Por outro lado, vemos um perigo oposto em ver que as tendências agressivas e belicosas do imperialismo ianque sejam o argumento para buscar justificar acordos com correntes stalinistas que consideram como progressivos um Putin na Rússia ou o regime de Xi Jinping na China. Nesse sentido, queremos destacar que nos parece um erro a conferência que fizeram em 2018 os companheiros do PO com o Partido Comunista Unificado da Rússia para avançar em uma confluência internacional, um partido que reivindica Stalin e com boas relações com Putin.

Uma segunda questão que eu queria colocar é que, para nós, não é possível superar as direções nacionais e populares, ou centro-esquerdistas, se mistura-se bandeiras com a direita. Nem o autoritarismo de Maduro, nem as críticas a Evo Morales podem justificar marchar junto a Guaidó e as distintas variantes da direita venezuelana, ou com os golpistas bolivianos, considerando “rebeliões populares” levantamentos promovidos pela direita e o imperialismo.
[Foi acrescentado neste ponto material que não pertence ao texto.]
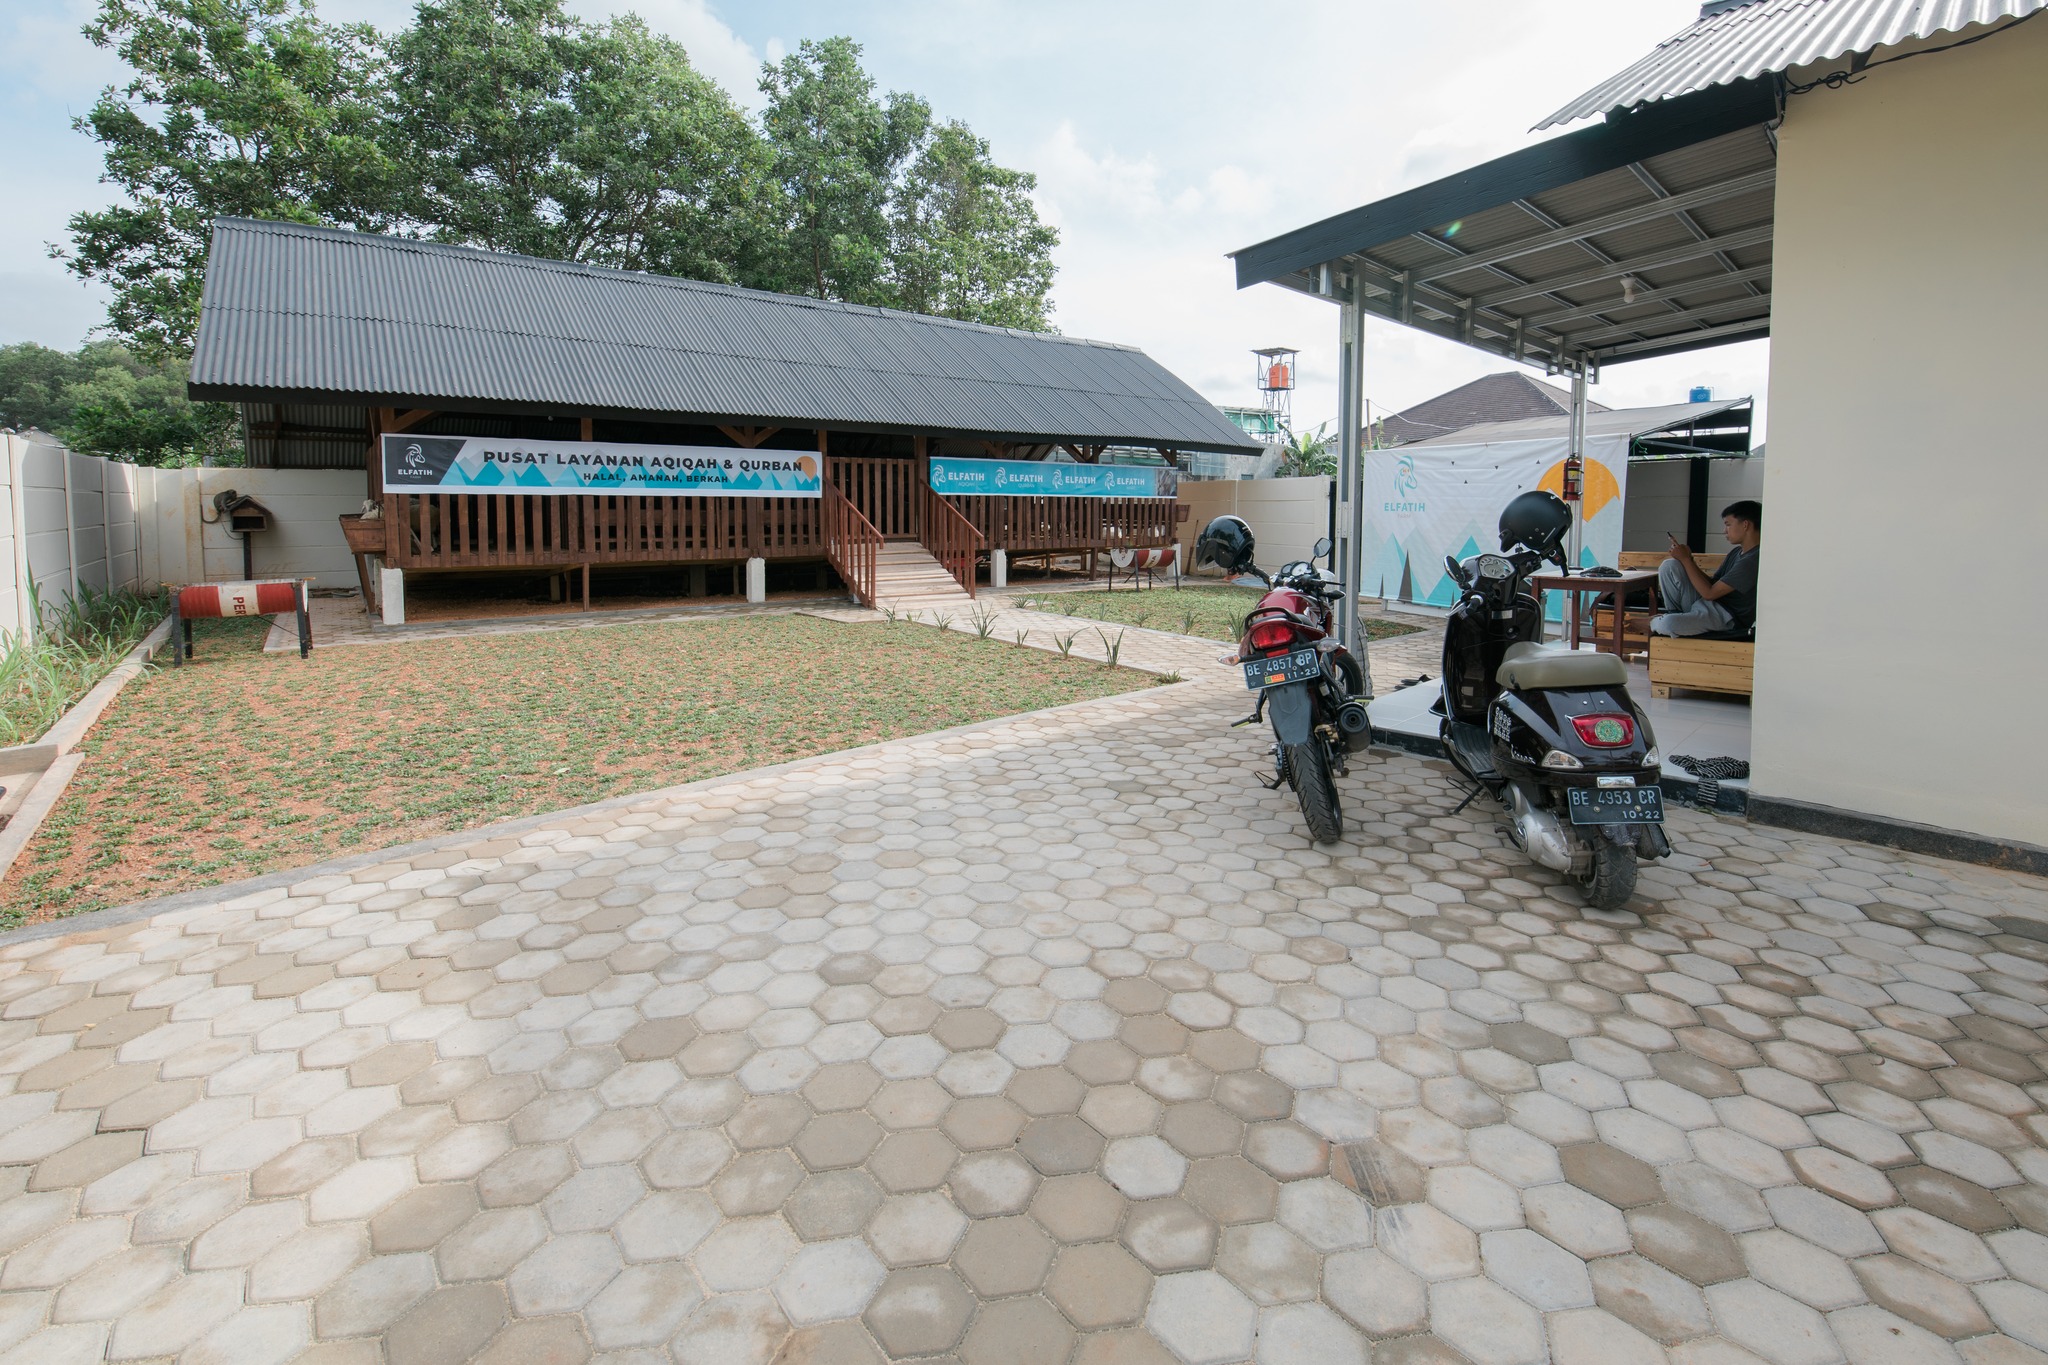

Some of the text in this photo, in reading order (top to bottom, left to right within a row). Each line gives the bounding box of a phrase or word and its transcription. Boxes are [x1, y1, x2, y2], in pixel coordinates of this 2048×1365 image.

[483, 451, 802, 472] PUSAT LAYANAN AQIQAH & QURBAN
[397, 468, 433, 476] ELFATIH
[948, 472, 985, 481] ELFATIH
[583, 473, 729, 483] HALAL, AMANAH, BERKAH
[1009, 474, 1043, 483] ELFATIH
[1065, 475, 1096, 484] ELFATIH
[1116, 477, 1145, 486] ELFATIH
[1384, 502, 1425, 512] ELFATIH
[1246, 664, 1260, 677] BE
[1266, 656, 1292, 672] 4857
[1296, 653, 1312, 667] BP
[1571, 790, 1656, 806] BE 4953 CR
É uma posição liberal, democratizante, não marxista. A mesma coisa no Brasil: a oposição aos cortes de Dilma e ao governo do PT não podia justificar apoiar o golpe institucional no Brasil ou a proscrição e a prisão de Lula, falando de se prender todos os corruptos, como se está levantando fundamentando-se na operação Lava Jato, promovida pelo imperialismo estadunidense.
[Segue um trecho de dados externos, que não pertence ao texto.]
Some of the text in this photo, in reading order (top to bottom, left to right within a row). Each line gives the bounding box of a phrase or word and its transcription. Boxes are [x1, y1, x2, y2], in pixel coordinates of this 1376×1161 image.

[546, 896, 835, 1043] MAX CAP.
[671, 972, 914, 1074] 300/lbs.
Por último, gostaria de falar sobre como lutar consequentemente pela independência de classe e por colocar de pé partidos revolucionários. Como articular a “intransigência ideológica e a flexibilidade tática” de que nos falava Lênin? Temos claras diferenças com os companheiros que, em nome do segundo, justificam a participação em frentes amplas de centro-esquerda, como a Frente Ampla do Peru ou Uruguai, que levantam claramente uma perspectiva oposta à independência de classe pela qual luta a FIT-U na Argentina. Outra discussão é com os que afirmam que pequenos núcleos de revolucionários podem encontrar um caminho até as massas sem utilizarem-se de diferentes tipos de táticas, como participar em certas condições nos “partidos amplos anticapitalistas” para enfrentar a estratégia oportunista de suas direções, não sempre e em qualquer circunstância, mas analisando cada situação concreta e estabelecendo limites de classe claros (por exemplo, se esses partidos assumem ou não responsabilidades executivas ou se integram plenamente em frentes populares).

O que aconteceu no NPA da França nos dá a razão plenamente, com o avanço das forças revolucionárias no seu interior a partir de uma intervenção audaz nos grandes fenômenos desenvolvidos na luta de classes nos últimos anos, como os jalecos amarelos ou a greve contra a reforma previdenciária. Esse é um importante avanço da esquerda no NPA, que está levando a direção, proveniente da antiga LCR, a comunicar através do seu jornal Le Monde que está disposta a provocar a ruptura do partido antes que sua ala esquerda siga avançando. Nossos críticos não têm nada para mostrar em troca desses avanços que temos conseguido dentro da esquerda revolucionária francesa. Nisso, o PTS e a Fração Trotskista não fazemos mais do que seguir os conselhos que Trotsky deu aos seus seguidores na década de 30 do século passado. Nos Estados Unidos, por exemplo, deu quatro táticas diferentes de construção partidária em poucos anos. Foi a mesma coisa no caminho percorrido até a fundação da IV Internacional, onde passou de fração da Internacional Comunista à tendência independente e da promoção do chamado “Bloco dos Quatro” à pôr de pé uma nova internacional, pouco depois da ruptura com os anti-defensistas no Socialist Workers Party. A utilização dessas e outras variantes táticas serão inevitáveis no período de agudização da luta de classes que temos adiante.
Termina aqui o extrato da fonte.